Nordstrom, Sally Beauty and Shoe Carnival renegotiate credit facilities
Following temporary store closures, furloughs and cost management measures, a number of U.S.-based fashion and beauty retailers are now renegotiating their credit facilities in order to ensure continued liquidity during the Covid-19 crisis. On Thursday, announcements to this effect were made by Columbia, Nordstrom, Sally Beauty and Shoe Carnival.
Columbia Sportswear Company, the Portland, Oregon-based owner of the Columbia, Mountain Hardwear, Sorel and PrAna brands, has amended its domestic credit agreement to secure a committed $125 million revolving A loan through August 1, 2023 and a new committed $400 million revolving B loan through April 13, 2021.
Columbia has drawn $325 million under its domestic credit agreement since the end of March.
On Thursday, the company also announced a range of cost containment measures, including the suspension of its quarterly dividend and share repurchases, and the reduction of CEO Tim Boyle’s annual salary to $10,000.
The compensation of independent board members has also been cut by 50%, while employees at and above the director level have seen their salaries reduced by between 5% and 15%. U.S. retail staff have been transferred to a partial furlough program through May 1, 2020.
On Thursday, the department store operator announced that it has amended its $800 million revolving line of credit and closed its 8.75% secured debt offering of $600 million.

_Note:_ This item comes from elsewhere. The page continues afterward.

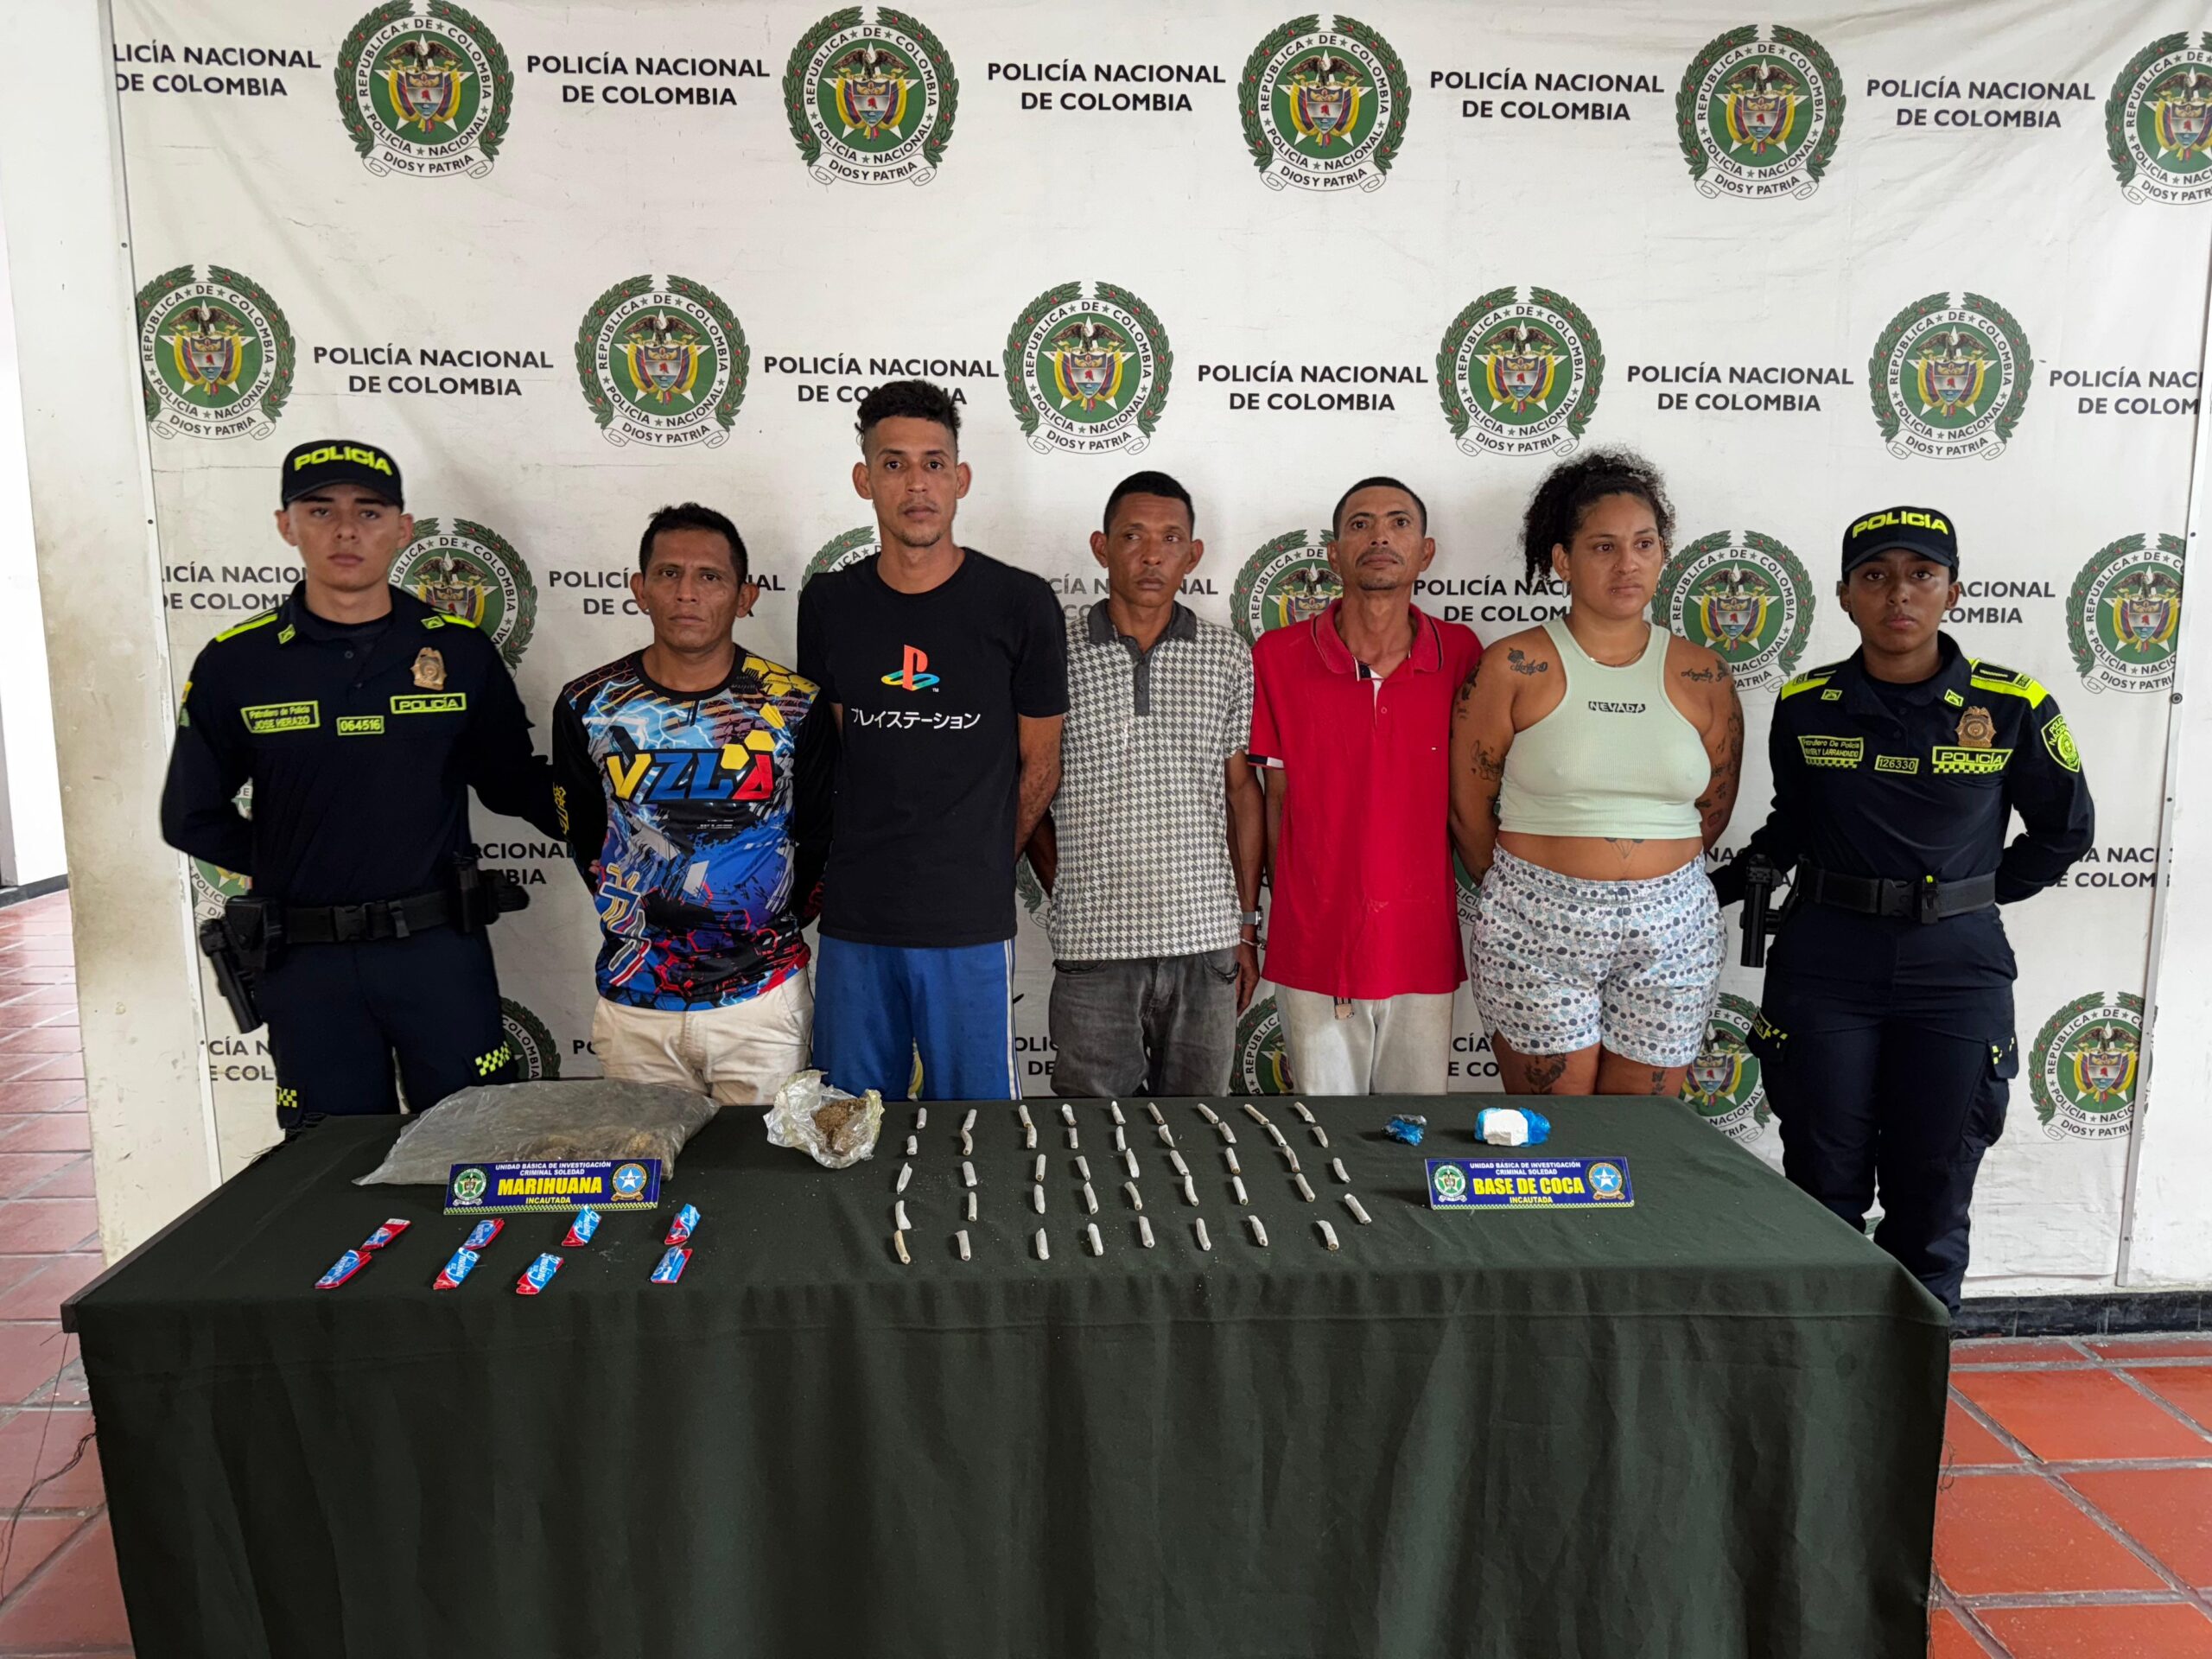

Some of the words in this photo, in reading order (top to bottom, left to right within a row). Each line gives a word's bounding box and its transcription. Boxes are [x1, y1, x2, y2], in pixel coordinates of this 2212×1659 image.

The amendment negotiated by Nordstrom means that the company’s revolving line of credit will now be secured primarily by the retailer’s inventory both at times when its leverage ratio is over 4.0 times and when its credit ratings drop below investment grade.
The Denton, Texas-based beauty retailer has amended its secured asset-based revolving line of credit with Bank of America, JP Morgan and Truist, increasing its borrowing capacity by $120 million.
Part of the increase was achieved through a $100 million boost of Sally Beauty’s revolving line of credit, with the remaining $20 million coming from a FILO term loan facility.
The company’s total borrowing capacity is now $620 million, $395 million of which has been drawn down.
American footwear and accessories retailer Shoe Carnival revealed on Thursday that it has made changes to its credit agreement with Wells Fargo Bank and Fifth Third Bank, exercising its accordion feature to expand the company’s line of credit from $50 million to $100 million.
Shoe Carnival does not yet have any cash borrowings under the facility.